__What this task involves__
Print out every record below, exactly as written.

*** Data excerpts ***

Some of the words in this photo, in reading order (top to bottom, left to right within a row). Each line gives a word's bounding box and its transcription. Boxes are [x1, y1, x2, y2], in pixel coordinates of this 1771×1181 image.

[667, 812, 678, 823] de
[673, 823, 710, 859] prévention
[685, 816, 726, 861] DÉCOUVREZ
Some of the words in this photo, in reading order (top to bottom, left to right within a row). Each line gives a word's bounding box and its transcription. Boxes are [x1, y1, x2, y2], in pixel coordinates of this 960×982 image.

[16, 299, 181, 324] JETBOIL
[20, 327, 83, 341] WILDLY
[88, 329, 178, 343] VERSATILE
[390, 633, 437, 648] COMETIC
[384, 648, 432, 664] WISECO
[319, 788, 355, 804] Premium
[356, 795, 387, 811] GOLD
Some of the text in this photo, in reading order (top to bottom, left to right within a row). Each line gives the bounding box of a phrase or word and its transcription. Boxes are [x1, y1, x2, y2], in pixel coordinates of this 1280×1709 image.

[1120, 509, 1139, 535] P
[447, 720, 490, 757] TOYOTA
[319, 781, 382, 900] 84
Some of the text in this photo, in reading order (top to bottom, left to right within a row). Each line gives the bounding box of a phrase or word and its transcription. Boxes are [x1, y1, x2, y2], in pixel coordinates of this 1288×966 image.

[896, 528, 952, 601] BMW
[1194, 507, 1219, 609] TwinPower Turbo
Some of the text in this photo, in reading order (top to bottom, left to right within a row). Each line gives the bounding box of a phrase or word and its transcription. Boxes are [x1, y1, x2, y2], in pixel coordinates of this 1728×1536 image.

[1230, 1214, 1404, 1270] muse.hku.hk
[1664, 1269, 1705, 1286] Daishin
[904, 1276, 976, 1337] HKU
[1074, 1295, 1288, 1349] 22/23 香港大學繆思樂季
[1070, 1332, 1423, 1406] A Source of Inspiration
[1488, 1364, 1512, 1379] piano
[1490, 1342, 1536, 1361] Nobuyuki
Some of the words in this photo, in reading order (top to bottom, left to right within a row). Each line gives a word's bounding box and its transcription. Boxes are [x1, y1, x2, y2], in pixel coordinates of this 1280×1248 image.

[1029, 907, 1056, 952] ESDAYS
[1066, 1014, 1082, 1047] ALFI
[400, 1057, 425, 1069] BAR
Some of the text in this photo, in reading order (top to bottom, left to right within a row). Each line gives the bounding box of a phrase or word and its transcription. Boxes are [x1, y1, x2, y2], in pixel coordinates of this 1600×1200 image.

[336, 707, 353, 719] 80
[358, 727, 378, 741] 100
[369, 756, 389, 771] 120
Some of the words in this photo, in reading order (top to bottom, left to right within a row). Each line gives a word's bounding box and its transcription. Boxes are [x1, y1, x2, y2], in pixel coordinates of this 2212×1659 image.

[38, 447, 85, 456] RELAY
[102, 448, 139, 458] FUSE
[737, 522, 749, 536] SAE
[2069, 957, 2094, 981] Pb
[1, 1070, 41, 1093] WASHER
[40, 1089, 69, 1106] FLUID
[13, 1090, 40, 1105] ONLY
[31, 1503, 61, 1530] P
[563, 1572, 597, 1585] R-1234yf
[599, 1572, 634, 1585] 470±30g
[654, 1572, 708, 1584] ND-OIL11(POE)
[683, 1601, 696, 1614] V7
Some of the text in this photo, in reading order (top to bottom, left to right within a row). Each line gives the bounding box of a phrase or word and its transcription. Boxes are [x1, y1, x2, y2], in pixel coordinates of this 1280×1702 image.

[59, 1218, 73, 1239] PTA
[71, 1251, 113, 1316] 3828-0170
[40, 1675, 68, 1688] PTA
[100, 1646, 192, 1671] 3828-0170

*** End of Data excerpts ***

__Reply to the exercise__
Some of the words in this photo, in reading order (top to bottom, left to right within a row). Each line gives a word's bounding box and its transcription. Boxes are [x1, y1, x2, y2], in pixel coordinates of this 1771×1181 image.

[667, 812, 678, 823] de
[673, 823, 710, 859] prévention
[685, 816, 726, 861] DÉCOUVREZ
Some of the words in this photo, in reading order (top to bottom, left to right within a row). Each line gives a word's bounding box and its transcription. Boxes are [x1, y1, x2, y2], in pixel coordinates of this 960×982 image.

[16, 299, 181, 324] JETBOIL
[20, 327, 83, 341] WILDLY
[88, 329, 178, 343] VERSATILE
[390, 633, 437, 648] COMETIC
[384, 648, 432, 664] WISECO
[319, 788, 355, 804] Premium
[356, 795, 387, 811] GOLD
Some of the text in this photo, in reading order (top to bottom, left to right within a row). Each line gives the bounding box of a phrase or word and its transcription. Boxes are [x1, y1, x2, y2], in pixel coordinates of this 1280×1709 image.

[1120, 509, 1139, 535] P
[447, 720, 490, 757] TOYOTA
[319, 781, 382, 900] 84
Some of the text in this photo, in reading order (top to bottom, left to right within a row). Each line gives the bounding box of a phrase or word and its transcription. Boxes are [x1, y1, x2, y2], in pixel coordinates of this 1288×966 image.

[896, 528, 952, 601] BMW
[1194, 507, 1219, 609] TwinPower Turbo
Some of the text in this photo, in reading order (top to bottom, left to right within a row). Each line gives the bounding box of a phrase or word and its transcription. Boxes are [x1, y1, x2, y2], in pixel coordinates of this 1728×1536 image.

[1230, 1214, 1404, 1270] muse.hku.hk
[1664, 1269, 1705, 1286] Daishin
[904, 1276, 976, 1337] HKU
[1074, 1295, 1288, 1349] 22/23 香港大學繆思樂季
[1070, 1332, 1423, 1406] A Source of Inspiration
[1488, 1364, 1512, 1379] piano
[1490, 1342, 1536, 1361] Nobuyuki
Some of the words in this photo, in reading order (top to bottom, left to right within a row). Each line gives a word's bounding box and its transcription. Boxes are [x1, y1, x2, y2], in pixel coordinates of this 1280×1248 image.

[1029, 907, 1056, 952] ESDAYS
[1066, 1014, 1082, 1047] ALFI
[400, 1057, 425, 1069] BAR
Some of the text in this photo, in reading order (top to bottom, left to right within a row). Each line gives the bounding box of a phrase or word and its transcription. Boxes are [x1, y1, x2, y2], in pixel coordinates of this 1600×1200 image.

[336, 707, 353, 719] 80
[358, 727, 378, 741] 100
[369, 756, 389, 771] 120
Some of the words in this photo, in reading order (top to bottom, left to right within a row). Each line gives a word's bounding box and its transcription. Boxes are [x1, y1, x2, y2], in pixel coordinates of this 2212×1659 image.

[38, 447, 85, 456] RELAY
[102, 448, 139, 458] FUSE
[737, 522, 749, 536] SAE
[2069, 957, 2094, 981] Pb
[1, 1070, 41, 1093] WASHER
[40, 1089, 69, 1106] FLUID
[13, 1090, 40, 1105] ONLY
[31, 1503, 61, 1530] P
[563, 1572, 597, 1585] R-1234yf
[599, 1572, 634, 1585] 470±30g
[654, 1572, 708, 1584] ND-OIL11(POE)
[683, 1601, 696, 1614] V7
Some of the text in this photo, in reading order (top to bottom, left to right within a row). Each line gives the bounding box of a phrase or word and its transcription. Boxes are [x1, y1, x2, y2], in pixel coordinates of this 1280×1702 image.

[59, 1218, 73, 1239] PTA
[71, 1251, 113, 1316] 3828-0170
[40, 1675, 68, 1688] PTA
[100, 1646, 192, 1671] 3828-0170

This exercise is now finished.